TASK GOAL: The records below are to be set down word for word, with every picture left out.
────────────────────────────────────────
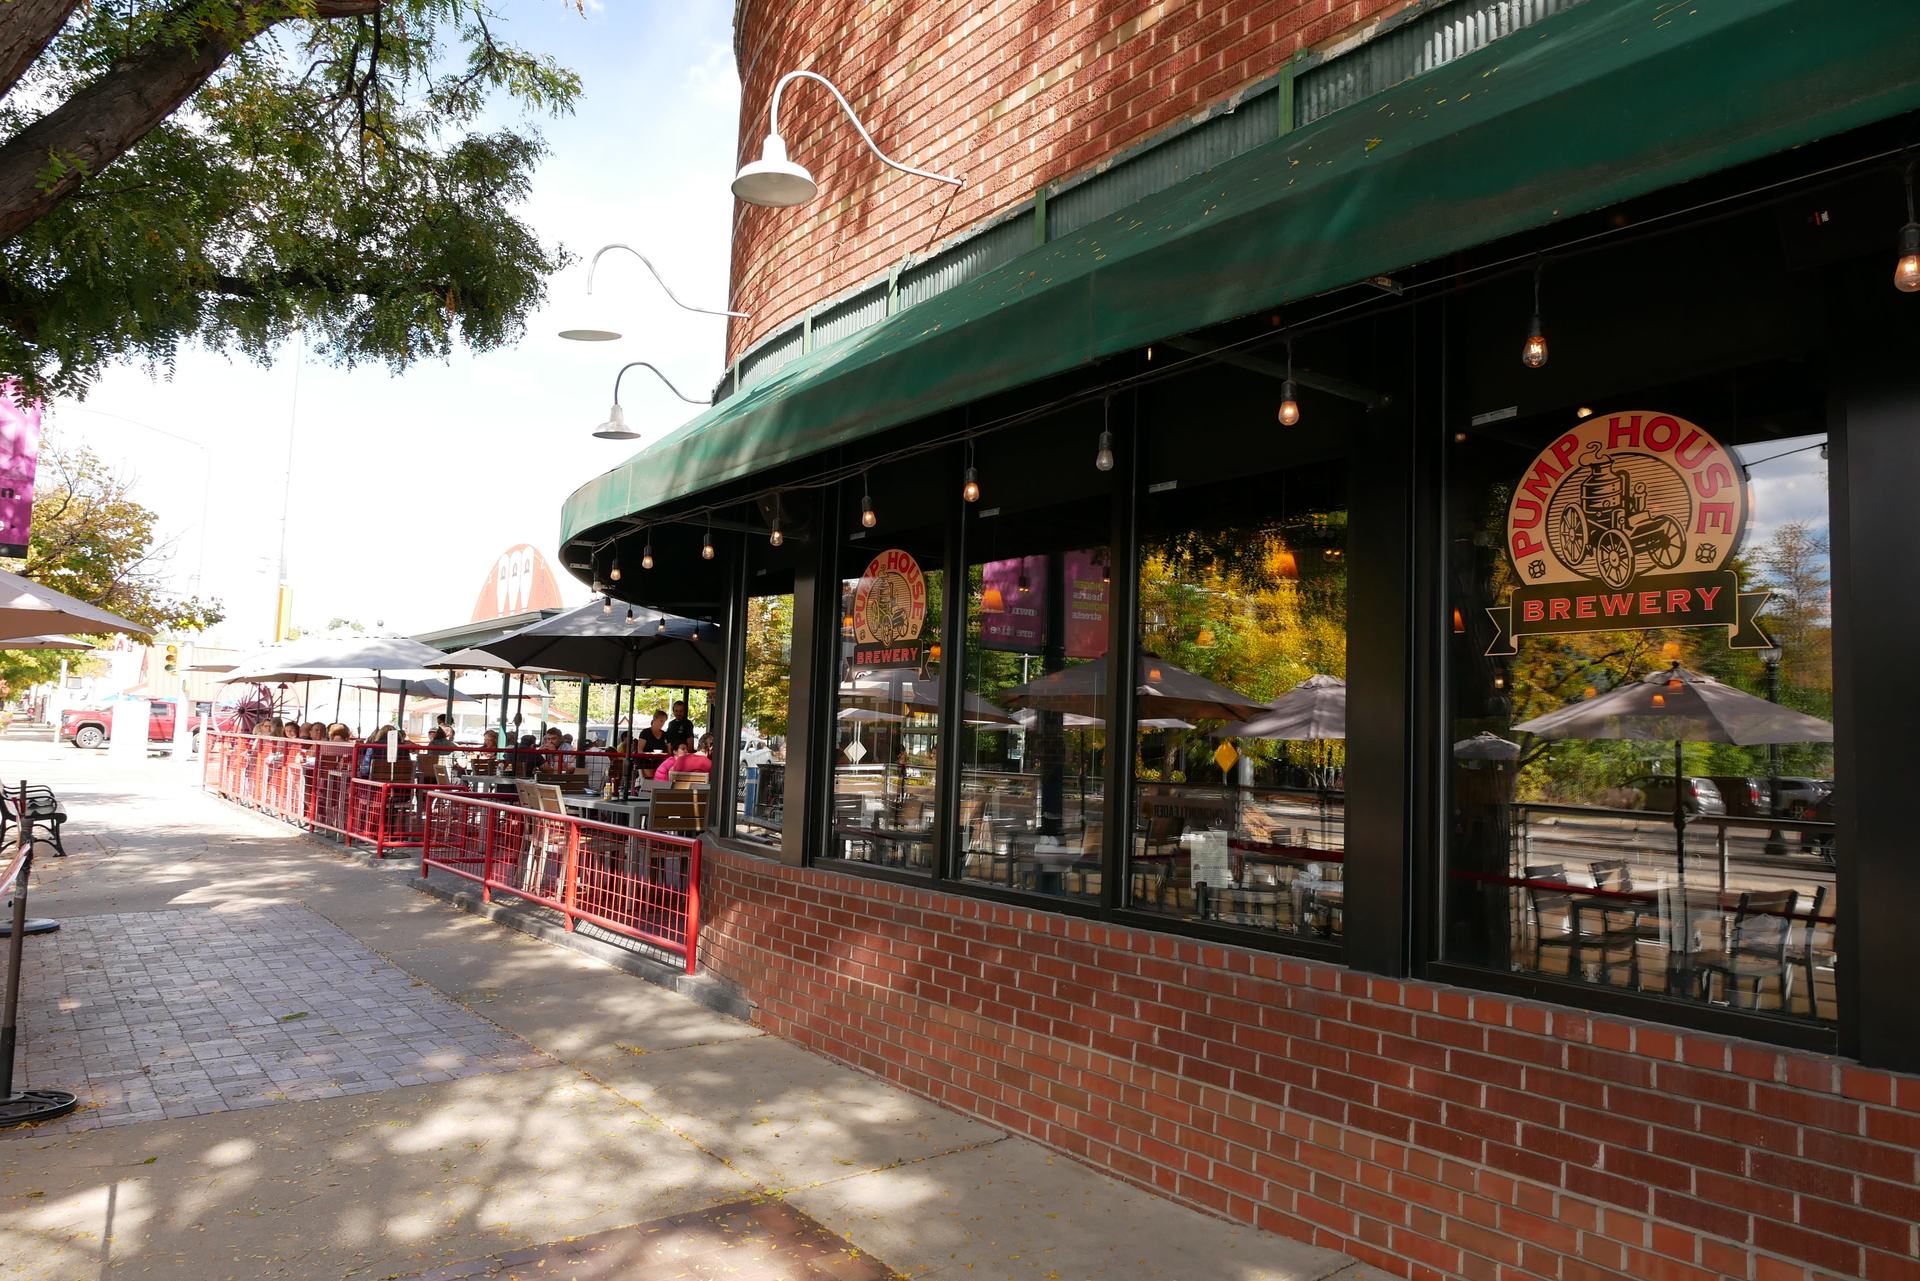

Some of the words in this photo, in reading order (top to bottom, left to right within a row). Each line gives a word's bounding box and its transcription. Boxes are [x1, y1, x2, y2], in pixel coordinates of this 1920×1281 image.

[1511, 433, 1580, 560] PUMP
[1606, 415, 1735, 535] HOUSE
[887, 551, 924, 621] HOUSE
[1523, 586, 1722, 622] BREWERY
[856, 648, 918, 665] BREWERY
────────────────────────────────────────
YOUR SOLUTION:
Some of the words in this photo, in reading order (top to bottom, left to right within a row). Each line gives a word's bounding box and its transcription. Boxes are [x1, y1, x2, y2], in pixel coordinates of this 1920×1281 image.

[1511, 433, 1580, 560] PUMP
[1606, 415, 1735, 535] HOUSE
[887, 551, 924, 621] HOUSE
[1523, 586, 1722, 622] BREWERY
[856, 648, 918, 665] BREWERY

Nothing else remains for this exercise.